Die Zahl der Asylanträge ist in den vergangenen Jahren zurückgegangen. Mussten 2004 noch 24.634 Anträge und 2003 gar 32.359 bearbeitet werden, waren es 2013 nur 17.503.
Die meisten Anträge kommen von Russen, Afghanen, Syrern. Heuer stiegen die Zahlen an, zuletzt im Juli stark. Von den 16.675 Entscheidungen, die 2013 in Asylverfahren fielen, wurde in 4133 Fällen Asyl gewährt.
Nachdem der Linzer Bürgermeister Klaus Luger (SPÖ), am Donnerstag Innenministerin Johanna Mikl-Leitner (ÖVP) mit ihrem Asylwerber-Anliegen die kalte Schulter gezeigt hatte, hofft das Ministerium jetzt auf den guten Willen des Stadt-Chefs: "Wir hoffen, dass die Verantwortlichen alles unternehmen werden, damit Schutzsuchende nicht auf der Straße landen", sagt ein Sprecher des Ministeriums auf Anfrage. Bürokratische Argumente sollten nicht im Wege stehen.
Freitagnachmittag hätte man sich über den Plan, bis zu 100 Flüchtlinge für maximal sechs Monate in der Hiller-Kaserne in Linz-Ebelsberg unterzubringen, ausgetauscht, heißt es. Mit dem Bürgermeister wäre ein "gutes Gespräch" zustande gekommen.

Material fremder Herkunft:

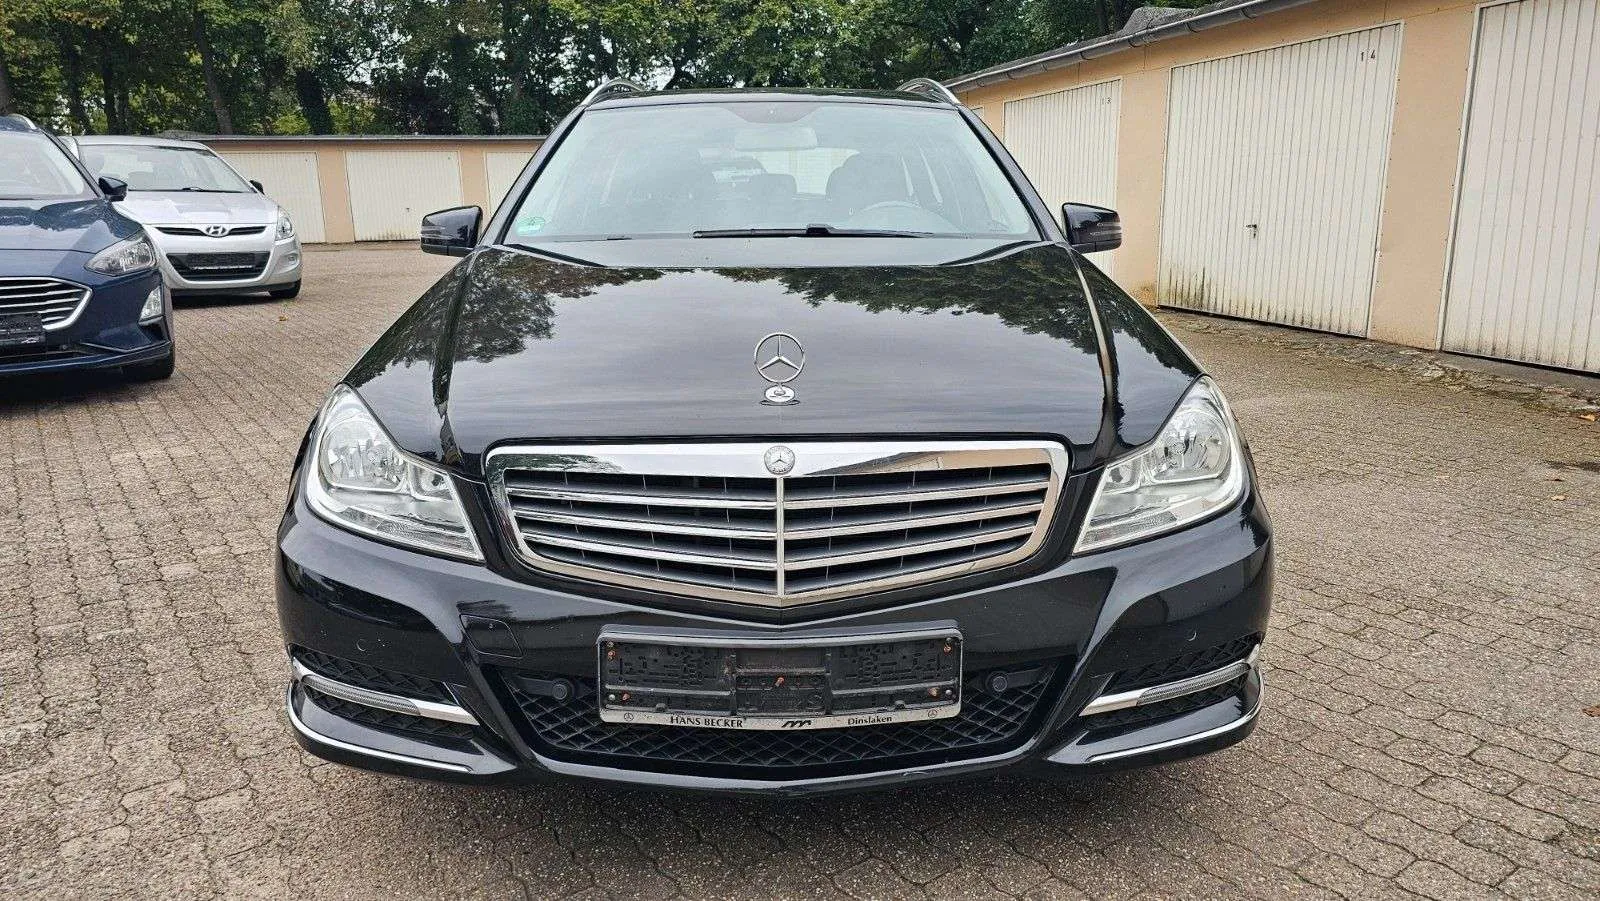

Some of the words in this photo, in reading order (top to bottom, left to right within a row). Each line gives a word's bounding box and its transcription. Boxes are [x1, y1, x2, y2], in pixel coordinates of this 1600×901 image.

[670, 715, 701, 726] HANS
[704, 716, 743, 728] BECKER
[847, 715, 893, 726] Dinslaken

Luger hatte dem Innenministerium zuletzt mit einer Unterlassungsklage gedroht, "denn die rechtskräftige Flächenwidmung der Kaserne verbietet eine Wohnnutzung für Asylwerber, auch übergangsweise".
Luger im Vorteil
Für die Unterbringung der Flüchtlinge müssten laut Verteidigungsministerium auch bauliche Veränderungen am Kasernenareal – etwa eine separate Zufahrt zum Gebäude und eine räumliche Trennung zu militärisch genutzten Objekten – vorgenommen werden. Als Behörde fungiert hier die Stadt Linz. Allem Anschein nach sitzt der Bürgermeister juristisch damit am längeren Ast.
Asyl in ganz Österreich
Luger ortet ferner eine zerrüttete Vertrauensbasis zwischen dem Innenministerium und den Flüchtlingen und fordert, dass "in jedem Bundesland mehrere kleinräumige Aufnahmezentren entstehen sollten."
Soziallandesrätin Gertraud Jahn (SP) versuchte, die Diskussion rund um die Kaserne Ebelsberg zu entspannen. Sie bot an, 100 Personen aus Erstaufnahmezentren des Bundes zu übernehmen und bis Ferienende in Internaten von Schulen unterzubringen. Welche Internate das sind, ist bis dato nicht bekannt.
Laut dem Innenministerium werde am Montag die Situation in der Kaserne erneut geprüft, danach stehe abermals ein Gespräch mit Luger an. Bereits am Donnerstag hatten Ministeriumsbeamte die Kaserne für geeignet befunden.